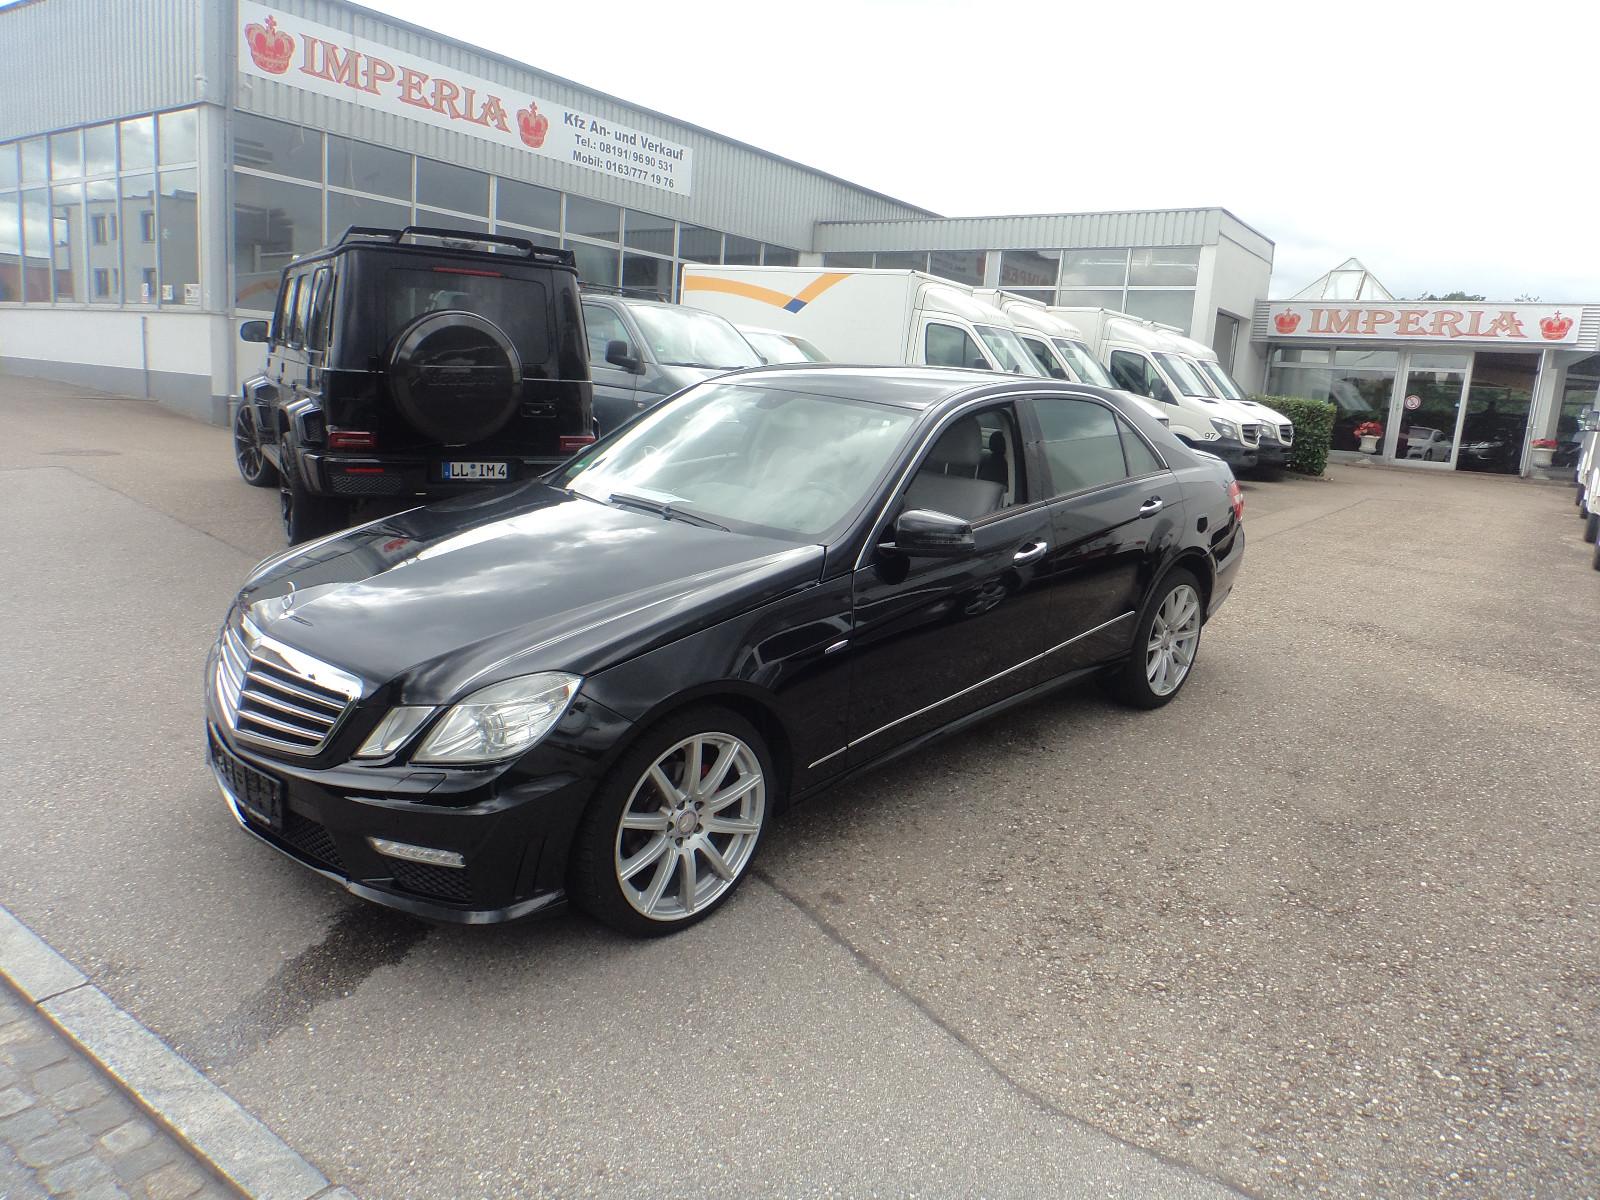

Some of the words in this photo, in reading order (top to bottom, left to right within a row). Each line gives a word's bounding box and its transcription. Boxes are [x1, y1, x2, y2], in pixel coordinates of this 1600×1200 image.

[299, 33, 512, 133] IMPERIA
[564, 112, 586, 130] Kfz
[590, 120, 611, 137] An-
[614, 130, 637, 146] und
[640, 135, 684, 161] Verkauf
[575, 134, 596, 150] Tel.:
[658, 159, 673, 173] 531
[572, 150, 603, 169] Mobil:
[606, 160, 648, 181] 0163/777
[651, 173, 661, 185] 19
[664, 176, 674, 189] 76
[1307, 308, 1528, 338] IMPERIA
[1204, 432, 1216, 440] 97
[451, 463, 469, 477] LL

------

> What is expected:
Each entry is to be returned precisely as it appears, but the pictures are to be dropped.

> Completed task:
Some of the words in this photo, in reading order (top to bottom, left to right within a row). Each line gives a word's bounding box and its transcription. Boxes are [x1, y1, x2, y2], in pixel coordinates of this 1600×1200 image.

[299, 33, 512, 133] IMPERIA
[564, 112, 586, 130] Kfz
[590, 120, 611, 137] An-
[614, 130, 637, 146] und
[640, 135, 684, 161] Verkauf
[575, 134, 596, 150] Tel.:
[658, 159, 673, 173] 531
[572, 150, 603, 169] Mobil:
[606, 160, 648, 181] 0163/777
[651, 173, 661, 185] 19
[664, 176, 674, 189] 76
[1307, 308, 1528, 338] IMPERIA
[1204, 432, 1216, 440] 97
[451, 463, 469, 477] LL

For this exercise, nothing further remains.